A ScotRail ticket inspector, confronted by a gang of teenagers beating up a boy on their train, alerts UK Transport Police.
Traumatized, with “sky high blood pressure” as she tries to throw the youths out of the carriage, she writes to the police: “Attack on passenger between Alexandria and Renton. The police must be present as these people are looking for trouble.”
But officers arrived only after the crew member successfully threw her off the train, canceled her shift early after she felt “physically ill” from what she had seen, and waited for a taxi home.
It turned out they had been diverted on a railway line in Glasgow because of a child.
BTP said the incidents had been classified according to “threat, risk and damage” and its control room had been told the juveniles from the West Dunbartonshire incident were no longer on the train.
But that won’t be terribly reassuring for passengers as ScotRail and its new Scottish Government owners are desperate to lure people back onto trains in the wake of Covid, which has prompted the start of one of its biggest-ever seat sales next Monday.
Transport Secretary Jenny Gilruth has already pledged to tackle the “systemic problem” of women’s safety on rail travel by telling MSPs about her own harrowing experience of being harassed on a train by drunk men.

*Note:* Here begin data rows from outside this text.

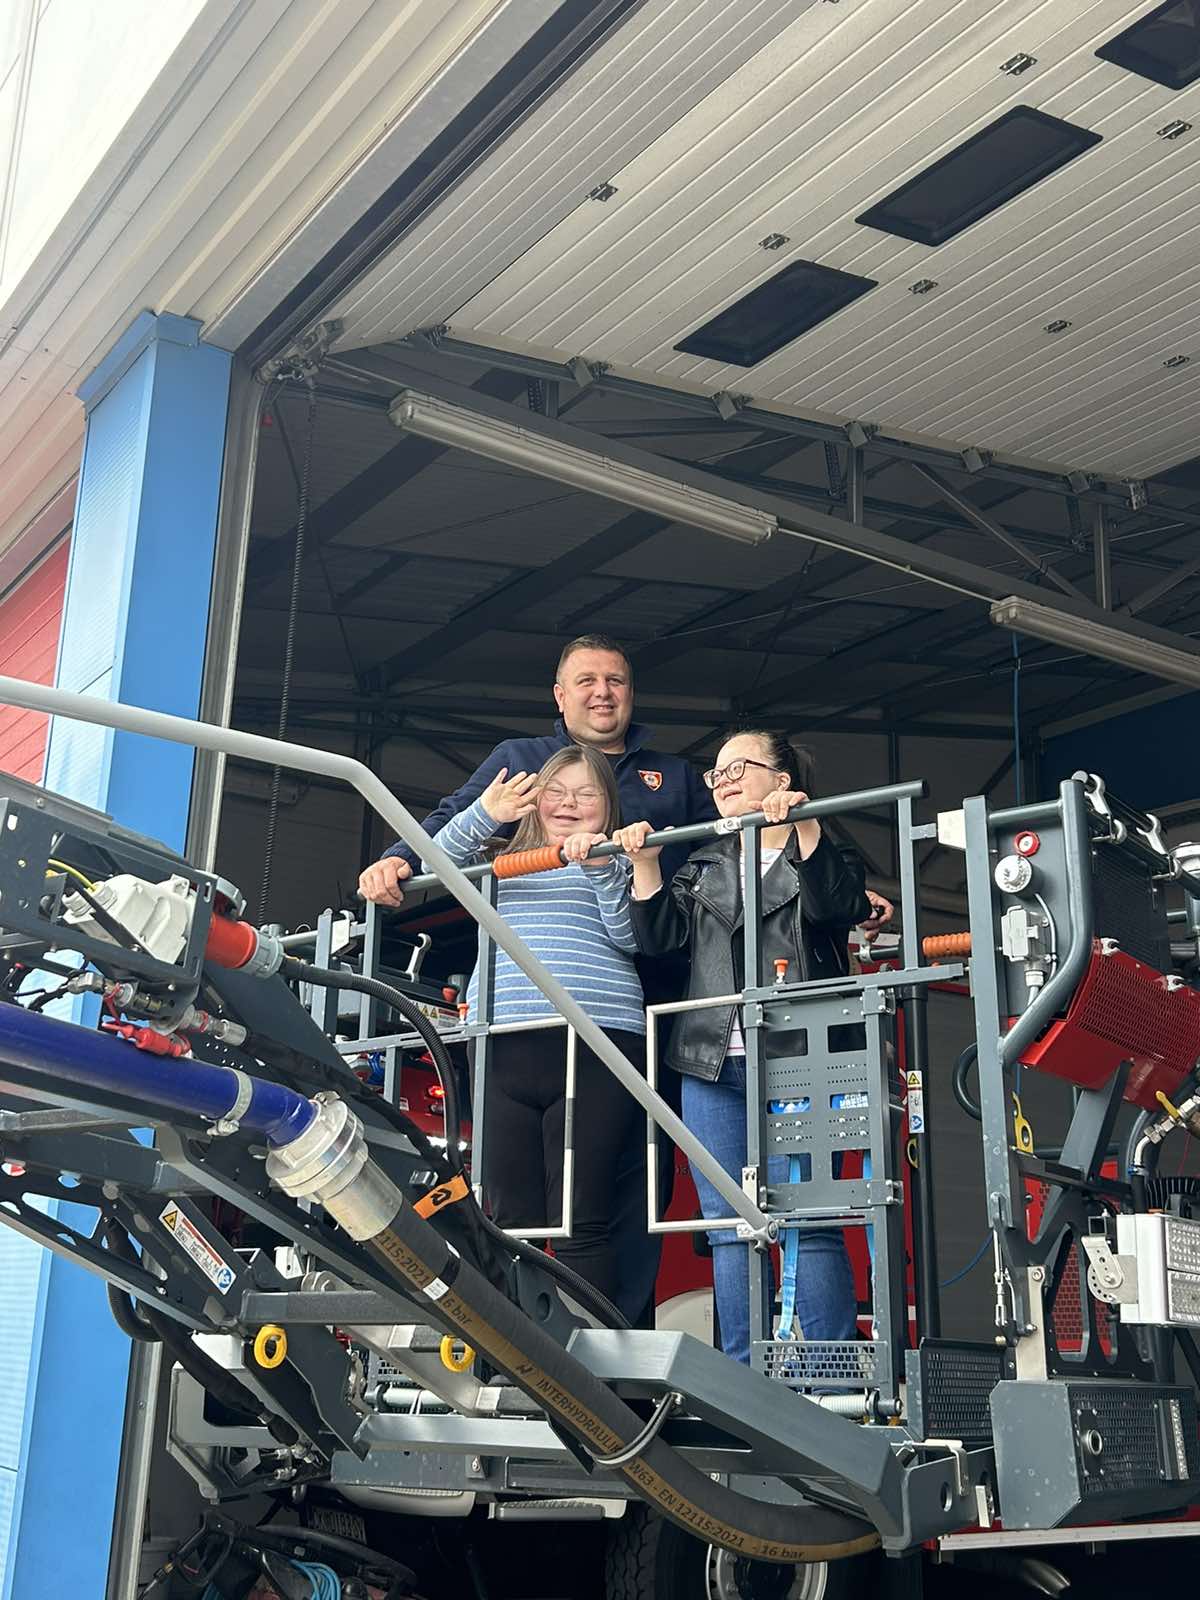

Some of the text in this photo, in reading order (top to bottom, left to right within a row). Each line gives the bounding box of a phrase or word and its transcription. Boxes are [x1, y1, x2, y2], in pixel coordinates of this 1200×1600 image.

[452, 1306, 472, 1324] bar
[536, 1379, 623, 1454] INTERHYDRAULIK
[658, 1489, 677, 1505] EN
[674, 1503, 745, 1545] 12115:2021
[761, 1545, 778, 1556] 16
[781, 1548, 805, 1558] bar
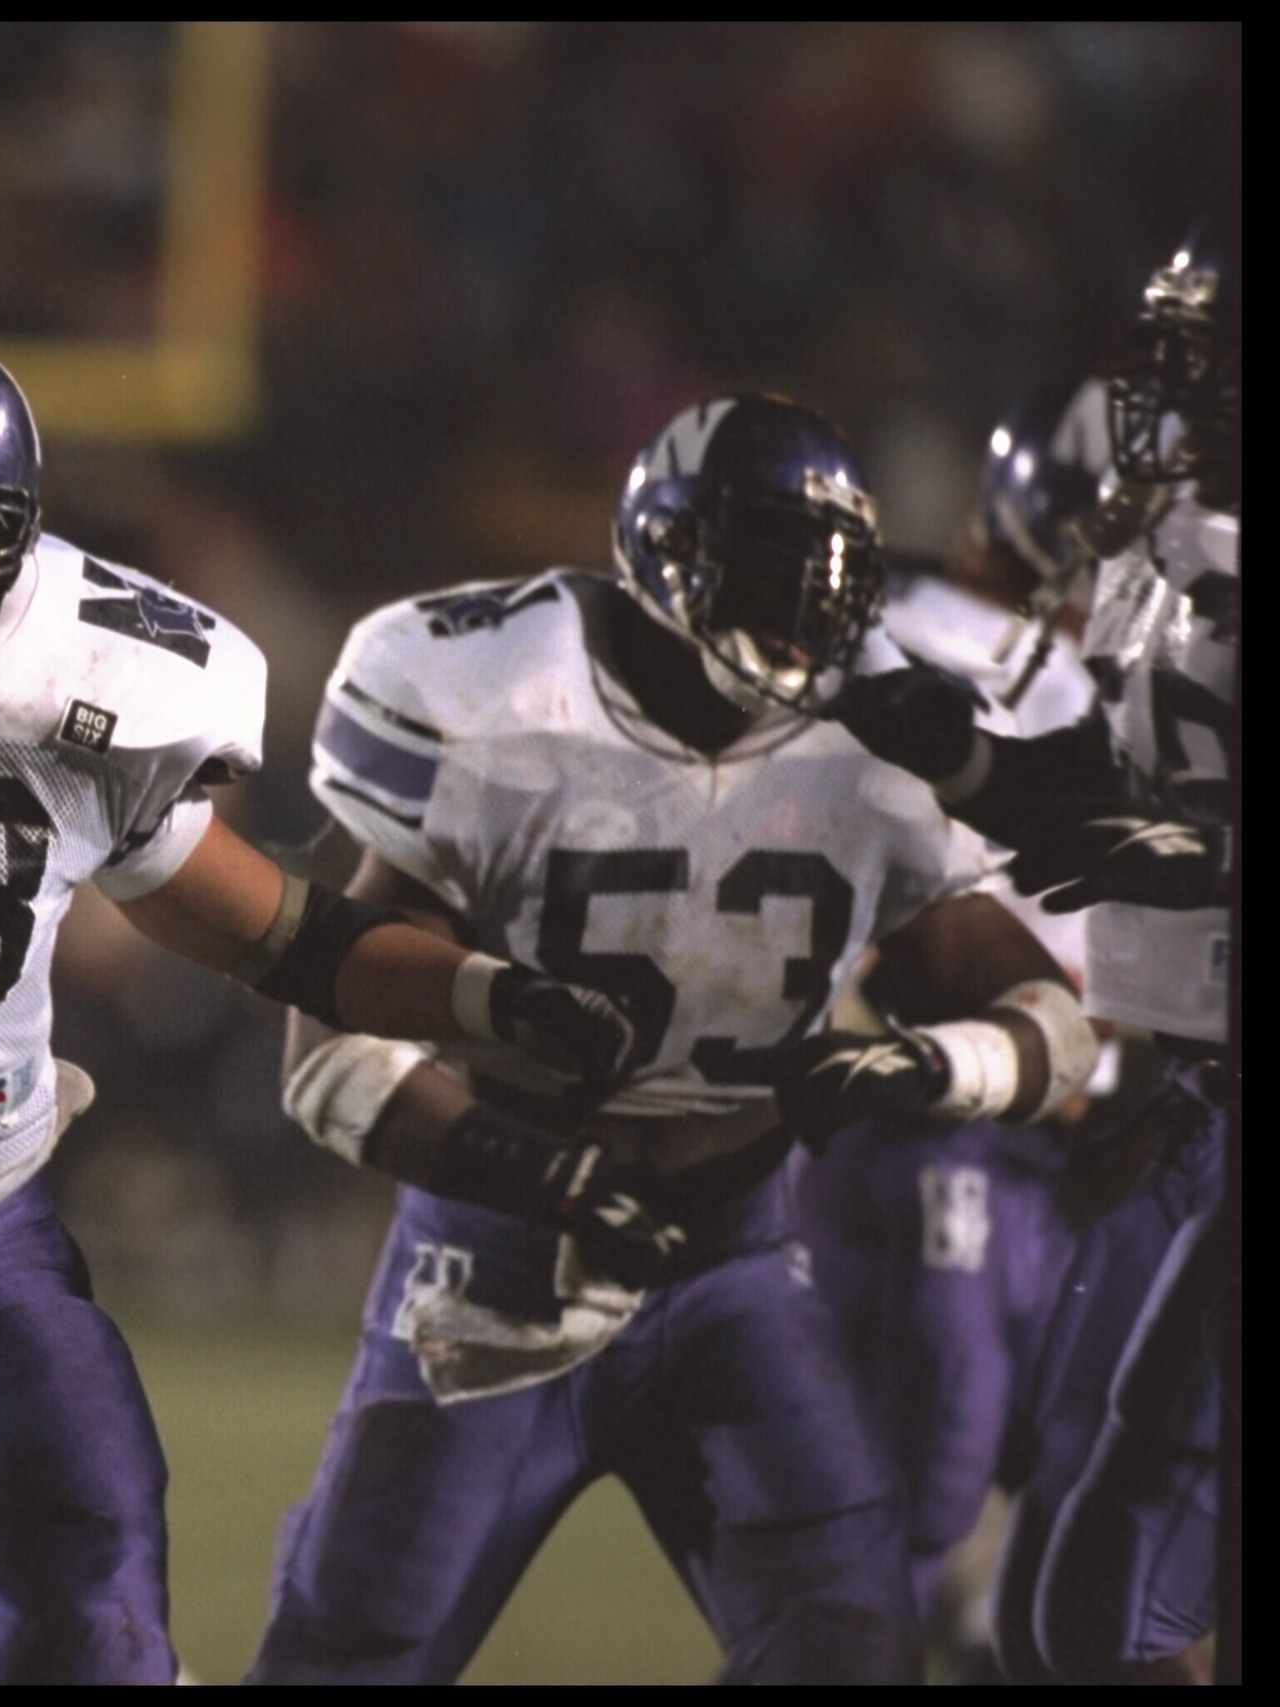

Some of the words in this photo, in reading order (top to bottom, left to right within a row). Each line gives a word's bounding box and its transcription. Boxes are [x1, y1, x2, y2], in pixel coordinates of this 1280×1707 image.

[648, 398, 738, 480] N
[71, 722, 103, 747] SIX
[76, 705, 108, 732] BIG
[535, 848, 856, 1086] 53
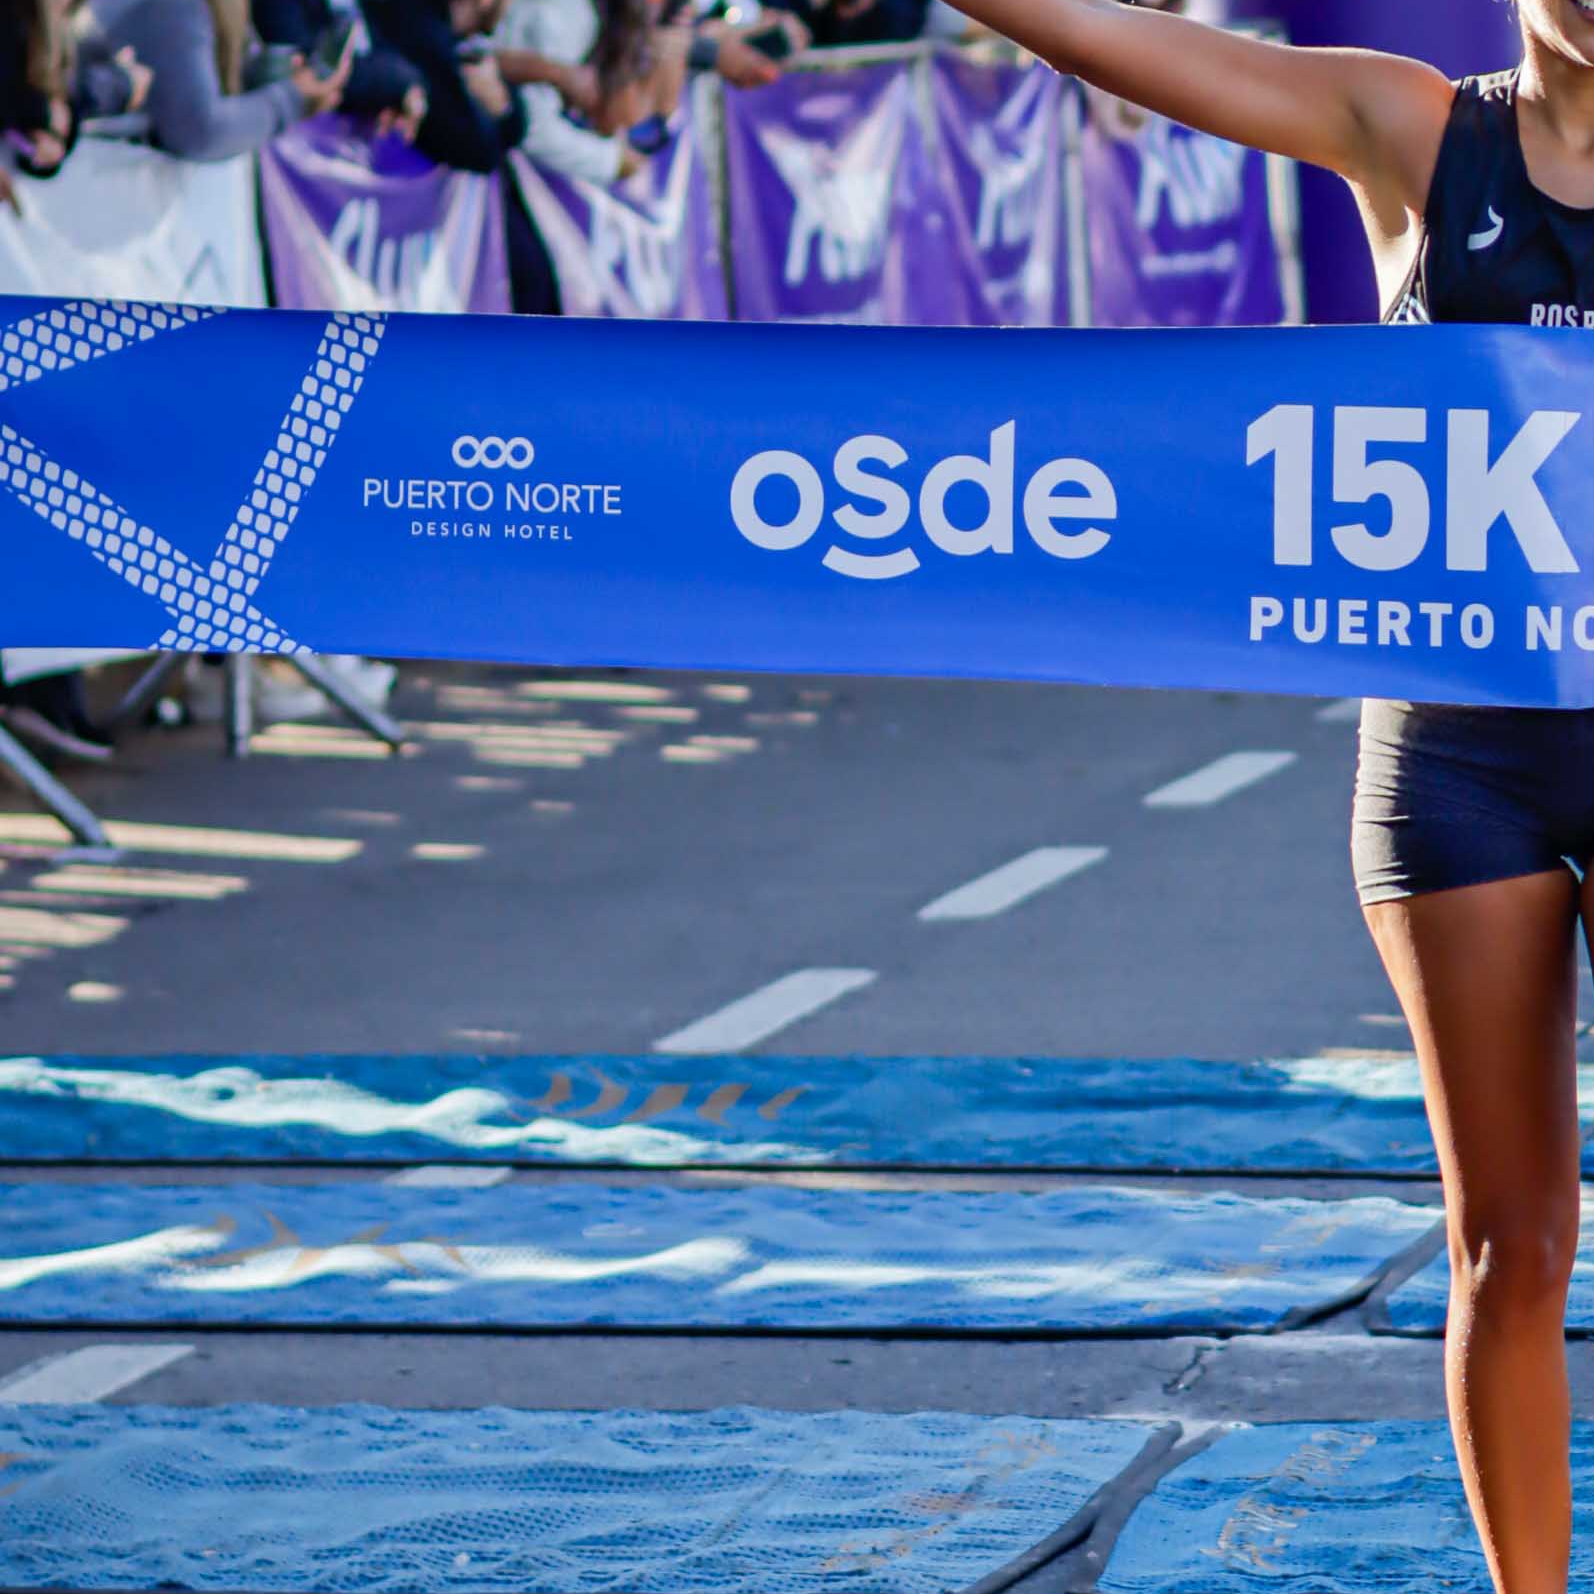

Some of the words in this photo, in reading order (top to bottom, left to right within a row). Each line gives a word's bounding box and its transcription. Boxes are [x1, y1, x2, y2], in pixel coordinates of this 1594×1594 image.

[363, 478, 494, 511] PUERTO
[506, 482, 622, 515] NORTE
[731, 420, 1117, 563] osde
[1246, 403, 1581, 573] 15K
[411, 520, 491, 538] DESIGN
[504, 524, 573, 541] HOTEL
[1249, 596, 1494, 649] PUERTO

Sunday’s incident is far from unusual as anti-social behavior is exacerbated by the lack of ticket inspections during the pandemic, passengers and staff have told me.
It’s important not to exaggerate the magnitude of the problem, but neither should we underestimate the “fear factor” such hooliganism can generate.
BTP only has around 200 officers policing Scotland’s geographically extensive network – Glasgow’s alone is the largest outside of London – so there is an “intelligence-led” deployment of officers.
Maximizing their visible presence should be a priority, but ScotRail also needs to double down on making sure its staff are seen walking through the carriages frequently.